TUM Logo

Integration of User Interaction into the Analysis of iOS Applications

Integration of User Interaction into the Analysis of iOS Applications

Supervisor(s): Alexander Küchler
Status: finished
Topic: Others
Author: Emir Besic
Submission: 2021-01-15
Type of Thesis: Bachelorthesis
Thesis topic in co-operation with the Fraunhofer Institute for Applied and Integrated Security AISEC, Garching

Description

With basically everyone in the world storing a lot of personal information in various apps on their mobile device and security breaches becoming more common by the day, the topic of security has become very important. With so many breaches happening and so many flaws being found every day, it is very difficult for developers to keep up. Hence, it is possible that many of the apps on the market are filled with security issues. This is a huge problem, especially for apps that are working with sensitive data. Hackers can cause unimaginable amounts of damage if they find and abuse a vulnerability in such an app.

Since it is safe to assume that there exist apps with vulnerabilities on the market, how do they go about solving this issue? The first step would be to identify the issues before they are misused. Afterwards they need to patch them as fast as possible. We will focus on the first step, the identification of vulnerabilities. Specifically, we will limit ourselves to the identification of vulnerabilities in iOS Applications, as it is the second most popular mobile OS in the world .

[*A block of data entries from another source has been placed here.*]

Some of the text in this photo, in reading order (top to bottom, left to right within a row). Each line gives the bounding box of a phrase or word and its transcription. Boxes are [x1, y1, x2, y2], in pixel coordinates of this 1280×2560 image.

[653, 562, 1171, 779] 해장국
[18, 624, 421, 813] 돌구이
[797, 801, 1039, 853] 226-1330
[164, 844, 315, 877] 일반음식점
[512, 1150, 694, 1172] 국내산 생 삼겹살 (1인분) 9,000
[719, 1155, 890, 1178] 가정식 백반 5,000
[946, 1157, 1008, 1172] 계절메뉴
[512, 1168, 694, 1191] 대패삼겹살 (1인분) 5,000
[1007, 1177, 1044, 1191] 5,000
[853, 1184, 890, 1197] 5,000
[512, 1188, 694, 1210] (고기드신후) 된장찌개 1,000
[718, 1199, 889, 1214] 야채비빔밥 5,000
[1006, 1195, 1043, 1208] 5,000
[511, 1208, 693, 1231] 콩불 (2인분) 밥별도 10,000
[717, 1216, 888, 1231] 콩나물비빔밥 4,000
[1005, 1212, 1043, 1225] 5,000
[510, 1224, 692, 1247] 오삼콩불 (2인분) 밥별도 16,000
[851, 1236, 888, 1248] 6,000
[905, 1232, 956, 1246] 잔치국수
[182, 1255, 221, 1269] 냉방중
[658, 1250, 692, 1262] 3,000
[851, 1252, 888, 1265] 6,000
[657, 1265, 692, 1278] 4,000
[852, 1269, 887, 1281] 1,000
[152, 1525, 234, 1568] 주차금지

There are existing tools for identifying vulnerabilities by creating a Control Flow Graph of the application. They use static analysis to reverse engineer the app and generate a supergraph that contains a lot of data about the app. These approaches do not, however, take into consideration that many parts of the code only interact with each other with the aid of user interaction and as such, the user interface plays a big role in the app.

With that in mind, our goal is to expand one such tool with the ability to analyze the user interface (UI) of an app. We will extract basic information about the UI and add it to the existing supergraph in an intuitive way. This would allow reverse engineers to, among others, see how the data, entered by a user, flows through the app, which could potentially reveal some vulnerabilities.